千秋は手を伸ばして柔らかな頬に置く。温かく、弾力のある感触が心地よい。
「おやすみ、千秋ちゃん」
「おやすみ、小春」
まるで赤子のようにあやされて小春は眠気に襲われる。今はただ全てを忘れて眠りに就くのだった。
午後十一時という時間である。こんな深夜となればさすがに人影は少なくなり、歩道を歩いている人種は主に二つに分けられる。すなわち真正のヤバいヤツと、死んだ魚の目をしながら歩くサラリーマンやOLだ。
「よっ、待ってたぞ」
棚山の麓で朱音が手を振りながら千秋と小春を出迎えた。
この山は街の中心部から程近い場所にあり、標高は低いため少し隆起した森林のような認識を持たれている。そのため山頂と言っていいのか分からないが、ともかく頂上部分に建立されたのが義堂寺だ。

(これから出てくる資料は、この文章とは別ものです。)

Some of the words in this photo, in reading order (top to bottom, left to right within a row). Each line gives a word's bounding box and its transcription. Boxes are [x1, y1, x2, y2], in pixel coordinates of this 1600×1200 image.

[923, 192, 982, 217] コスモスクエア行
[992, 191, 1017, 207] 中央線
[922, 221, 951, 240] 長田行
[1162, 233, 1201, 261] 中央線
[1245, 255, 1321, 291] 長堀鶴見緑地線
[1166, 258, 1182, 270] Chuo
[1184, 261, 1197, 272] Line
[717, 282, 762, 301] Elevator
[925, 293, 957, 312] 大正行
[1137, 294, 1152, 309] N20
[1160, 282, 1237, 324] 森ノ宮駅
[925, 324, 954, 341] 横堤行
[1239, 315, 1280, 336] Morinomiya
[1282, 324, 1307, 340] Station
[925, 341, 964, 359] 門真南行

「アタシは少し早めに来て様子を窺っていたんだけどな、ここは当たりだ」
「敵がいるのね」
「ああ。傀儡吸血姫は間違いなくいる。数は分からないけど」
「それは突入前に索敵してできる限り見つけるしかないわね」
先導する朱音に付いて千秋達も暗い山道を上り始める。一応はかつての参拝道が残っているのだが、もはや草木に侵食されて原型を留めていない。

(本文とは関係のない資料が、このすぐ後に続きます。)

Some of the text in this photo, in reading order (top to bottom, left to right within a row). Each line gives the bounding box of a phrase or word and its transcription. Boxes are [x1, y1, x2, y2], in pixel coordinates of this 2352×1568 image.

「しかし寺なんかに潜伏するとは罰当たりだな。ね、神木さん?」
「まったくよ。巫女としては自分のテリトリィに侵入されたようで非常に不愉快だわ」
「アタシのような善良な吸血姫ならともかくな」
「吸血姫自体に立ち入りをご遠慮してもらいたいわ」
「吸血姫差別反対!!」
などと言っているうちに義堂寺の鳥居が視認できる距離となった。といってもこの暗闇では小春には見えておらず、吸血姫は夜目によってある程度の視界を確保できているのだ。
「鳥居付近に傀儡吸血姫がいるわね。数は三体」
「守りを固めているな。アタシが突撃して陽動しようか?」
「もう少し状況を把握してからにしましょう」
朱音の運動性能なら敵を引きつけつつ逃げ回ることも可能ではある。しかし体力を消耗するので突入するタイミングは見極めなければならない。
「小春、足元に気を付けて」
つまづきそうになった小春の手を掴み千秋が寄り添いながら進んで行く。まるで姉のような気遣いを見ていた朱音がほっこりとしたように微笑んでいた。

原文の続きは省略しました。